If an infectious disease killed 814 people in the DC metro area, wouldn’t leaders take action?
That’s the number of people on foot that drivers struck and killed in the Washington region between 2005 and 2014. That number makes us the 69th most dangerous place nationally for people walking, according to a new ranking out on Tuesday. In a state-by-state comparison, DC saw 121 pedestrians struck and killed, making the District 49th out of 51.
This data is from Dangerous by Design 2016, the fourth edition of the landmark report from Smart Growth America that calculates a Pedestrian Danger Index, or PDI, for the 104 largest metro areas in the United States as well as all 50 states and the District of Columbia. PDI is a calculation of the share of local commuters who walk to work (the best available measure of how many people are likely to be out walking each day) and the most recent data on pedestrian deaths.
In this report, the DC metro area is defined as “Washington, Arlington, Alexandria, DC-VA-MD-WV.”

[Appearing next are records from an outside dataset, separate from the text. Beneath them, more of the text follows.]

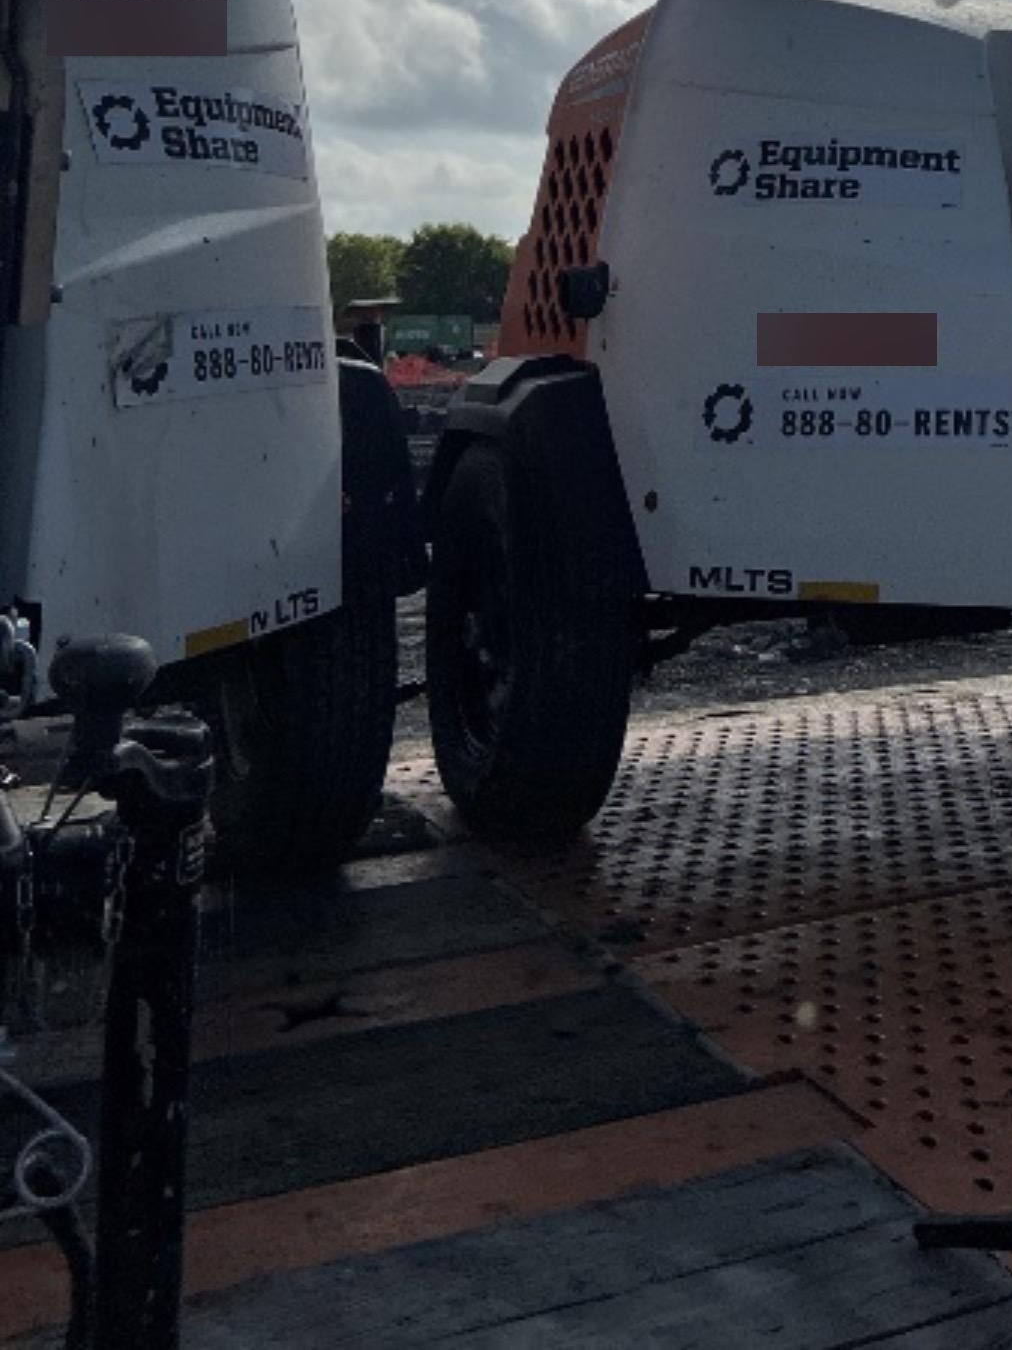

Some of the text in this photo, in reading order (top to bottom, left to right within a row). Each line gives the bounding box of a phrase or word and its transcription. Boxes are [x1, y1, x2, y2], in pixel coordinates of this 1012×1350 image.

[161, 125, 259, 164] Share
[758, 139, 960, 174] Equipment
[754, 173, 860, 200] Share
[782, 388, 820, 402] CALL
[781, 408, 1010, 437] 888-80-RENTS
[689, 565, 793, 594] MLTS
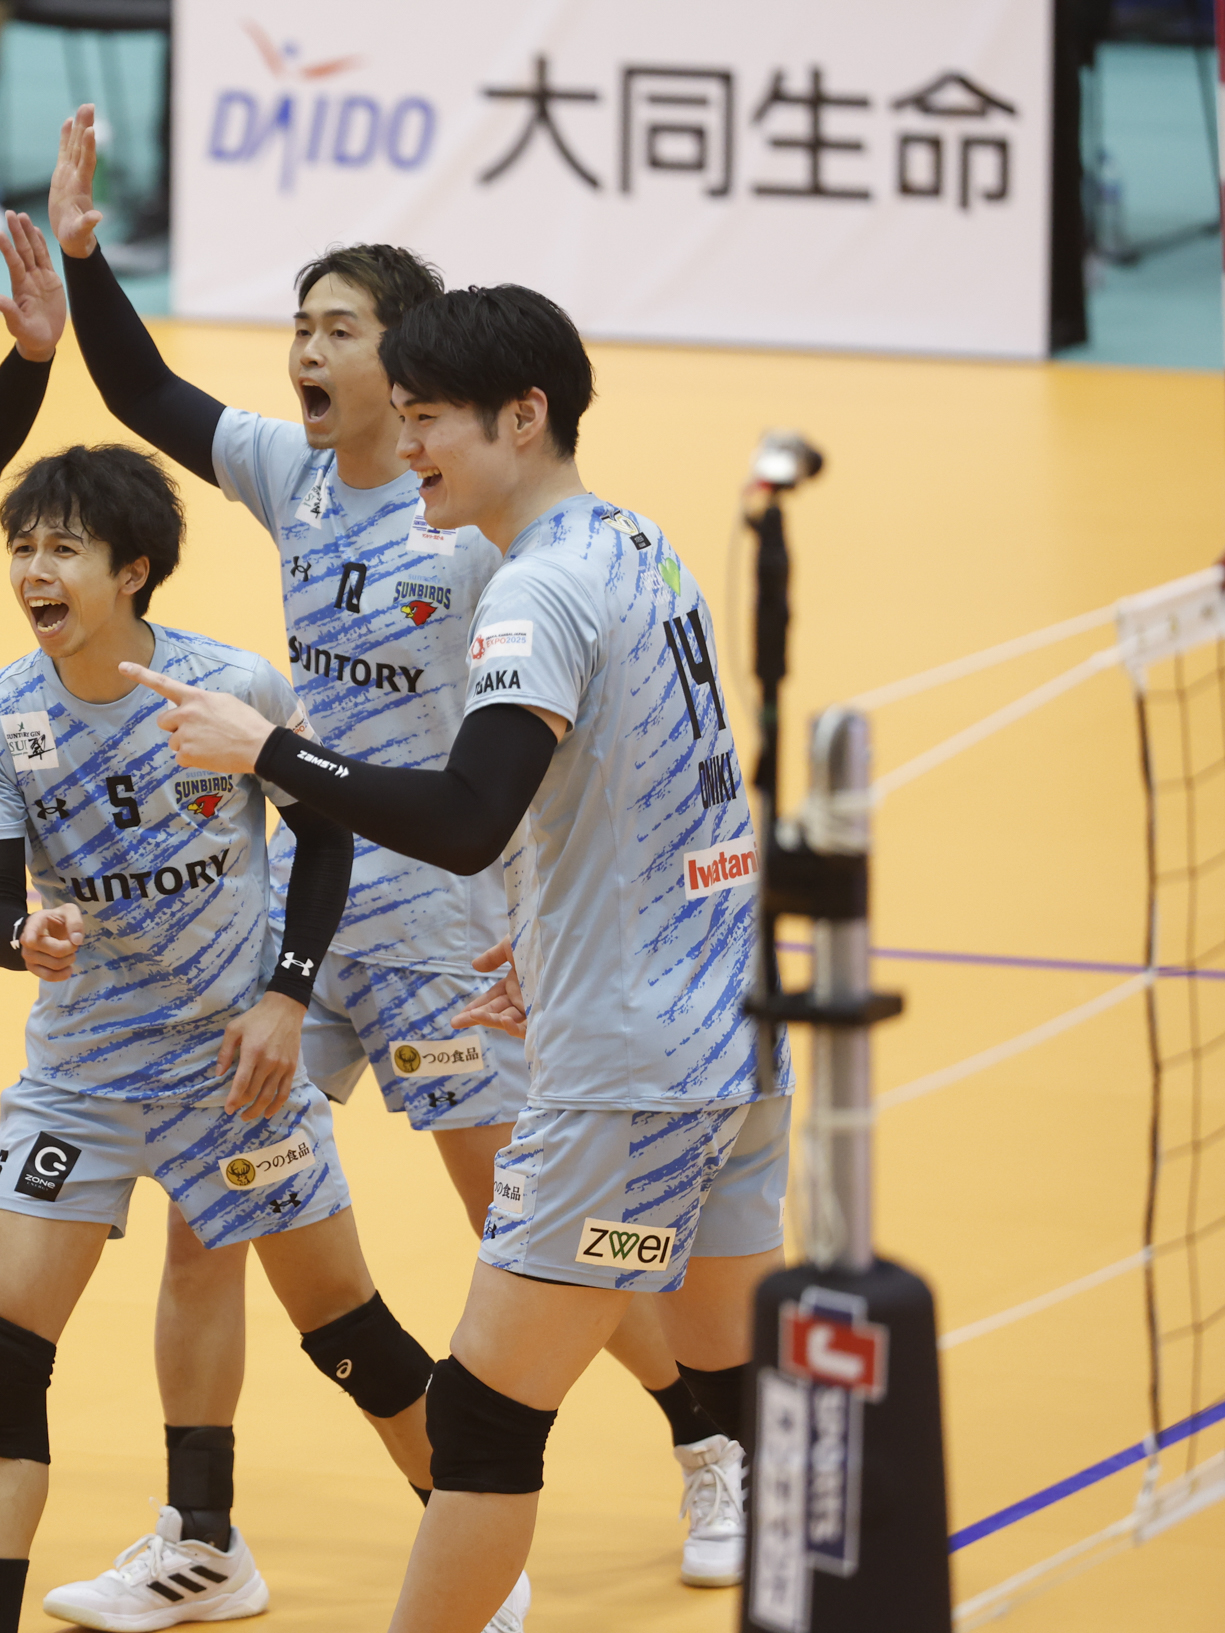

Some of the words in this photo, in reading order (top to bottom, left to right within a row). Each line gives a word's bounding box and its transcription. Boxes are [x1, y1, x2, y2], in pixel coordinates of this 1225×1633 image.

[210, 90, 438, 192] DAIDO
[479, 56, 1018, 208] 大同生命
[393, 580, 452, 611] SUNBIRDS
[288, 635, 424, 693] SUNTORY
[662, 609, 727, 741] 14
[106, 774, 142, 830] 5
[175, 774, 234, 805] SUNBIRDS
[698, 752, 736, 810] ONIKI
[59, 848, 230, 903] UNTORY
[422, 1048, 479, 1065] つの食品
[256, 1142, 310, 1172] つの食品

Based on PDI, the 20 most dangerous metro areas for walking in the United States are:
|2016 rank||Metro area||2016 Pedestrian Danger Index|
|1||Cape Coral-Fort Myers, FL||283.1|
|2||Palm Bay-Melbourne-Titusville, FL||235.2|
|5||Deltona-Daytona Beach-Ormond Beach, FL||228.2|
|6||Lakeland-Winter Haven, FL||200.6|
|7||Tampa-St. Petersburg-Clearwater, FL||192.0|
|10||North Port-Sarasota-Bradenton, FL||148.2|
|11||Miami-Fort Lauderdale-West Palm Beach, FL||145.1|
|14||Little Rock-North Little Rock-Conway, AR||127.9|
|15||Houston-The Woodlands-Sugar Land, TX||127.2|
|18||Riverside-San Bernardino-Ontario, CA||123.4|
|19||Baton Rouge, LA||120.6|
With a PDI score of 43.5, the DC region comes in at number 69 on this national list. DC has a PDI score of 15.4.

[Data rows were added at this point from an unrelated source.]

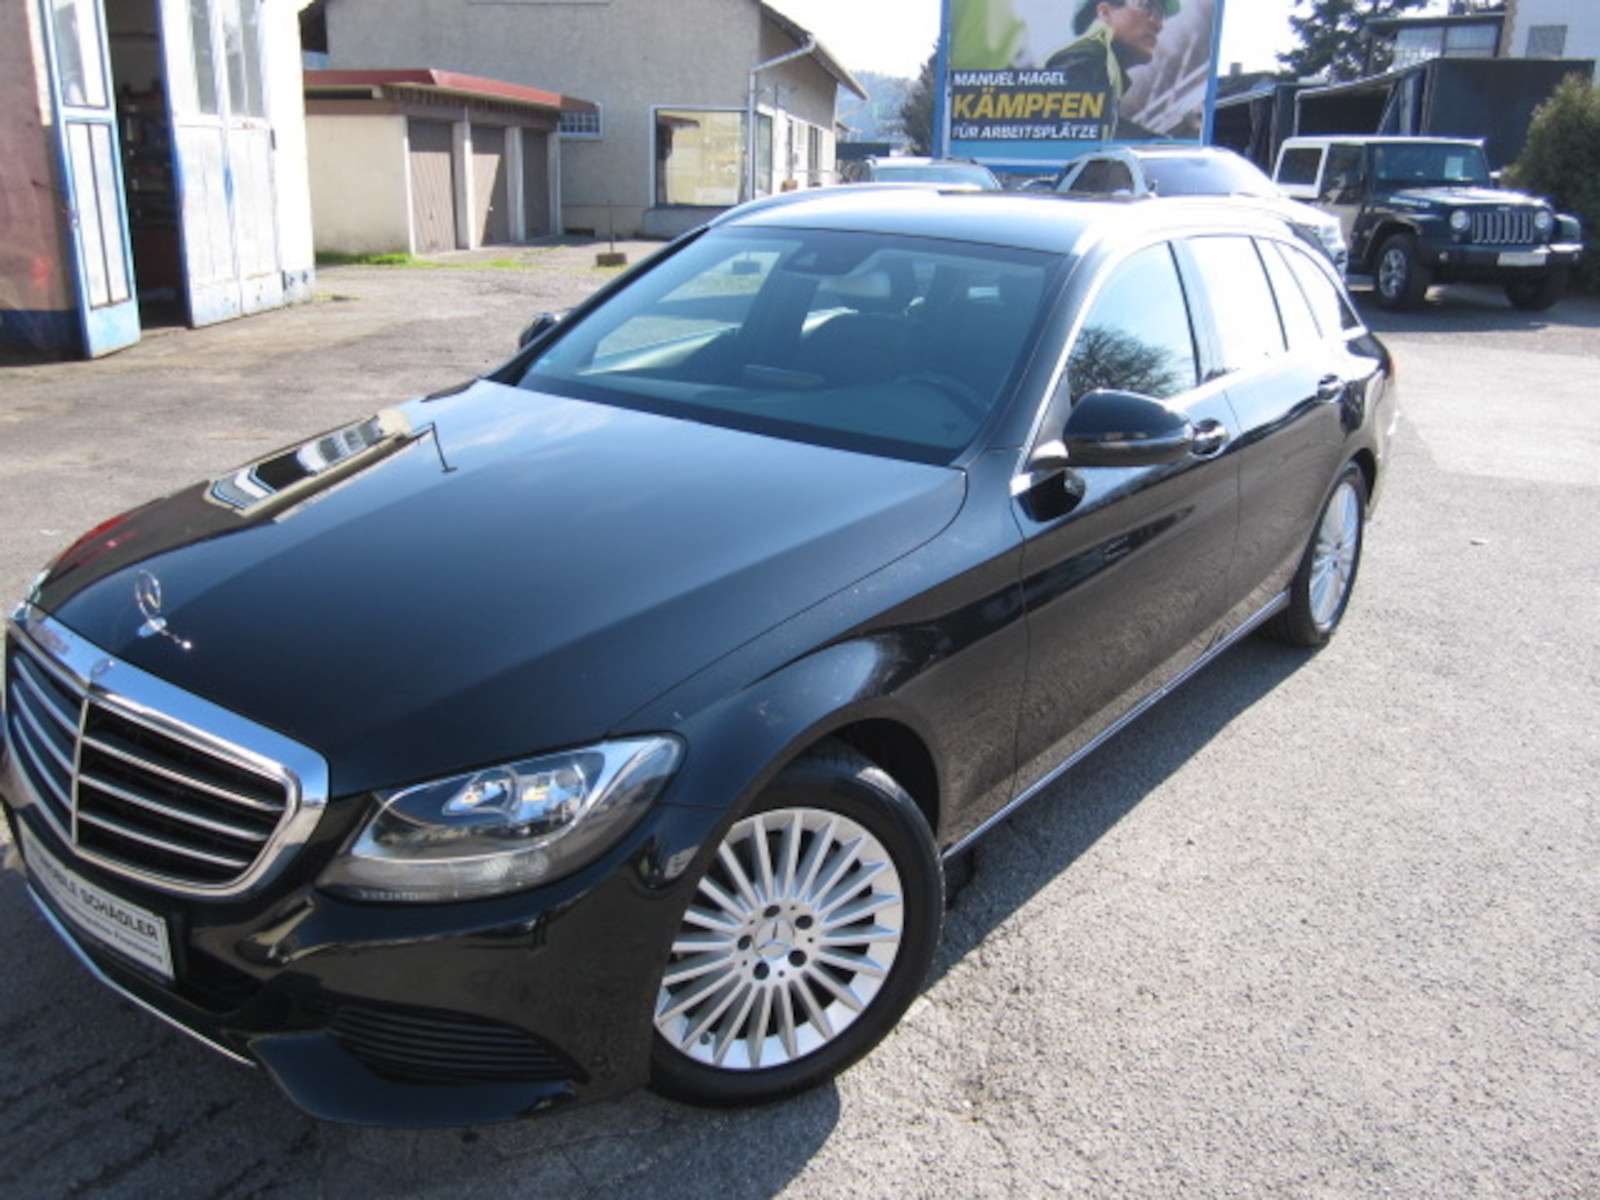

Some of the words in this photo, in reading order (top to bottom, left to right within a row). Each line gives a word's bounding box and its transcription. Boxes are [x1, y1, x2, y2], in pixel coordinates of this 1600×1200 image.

[953, 71, 1015, 86] MANUEL
[1018, 71, 1066, 86] HAGEL
[953, 87, 1105, 119] KÄMPFEN
[952, 122, 979, 139] FÜR
[981, 122, 1098, 139] ARBEITSPLÄTZE

People of color, elderly people, and low earners are most at risk
Who are the most vulnerable among these numbers? Nationally, people of color and older adults are overrepresented among pedestrian deaths. In DC, people of color account for 62.4% of the population but more than 78.4% of the pedestrian fatalities.
In addition, the new report finds that PDI is correlated with median household income as well as rates of uninsured individuals. Low-income metro areas are predictably more dangerous than higher-income ones: as median household incomes drop, PDIs rise. Similar trends bear out with rates of uninsured individuals: as rates of uninsured individuals rise, so do PDIs, meaning that the people who can least afford to be injured often live in the most dangerous places for walking.
City by city, things are looking up. State by state, not so much.
PDIs in the majority of metro areas have fallen since 2014. Thirty out of the 51 metro areas became less dangerous, with lower PDIs in 2016 compared to 2014. Entire states, on the other hand, have seen their PDIs rise since 2014. The moral of this story is that we need safer streets. In the DC area and nationally, we must use every tool available to improve safety for pedestrians. Better, safer street design can reduce distracted driving, lower speed limits, create safer crossings and create healthier, cleaner, more livable places for everyone.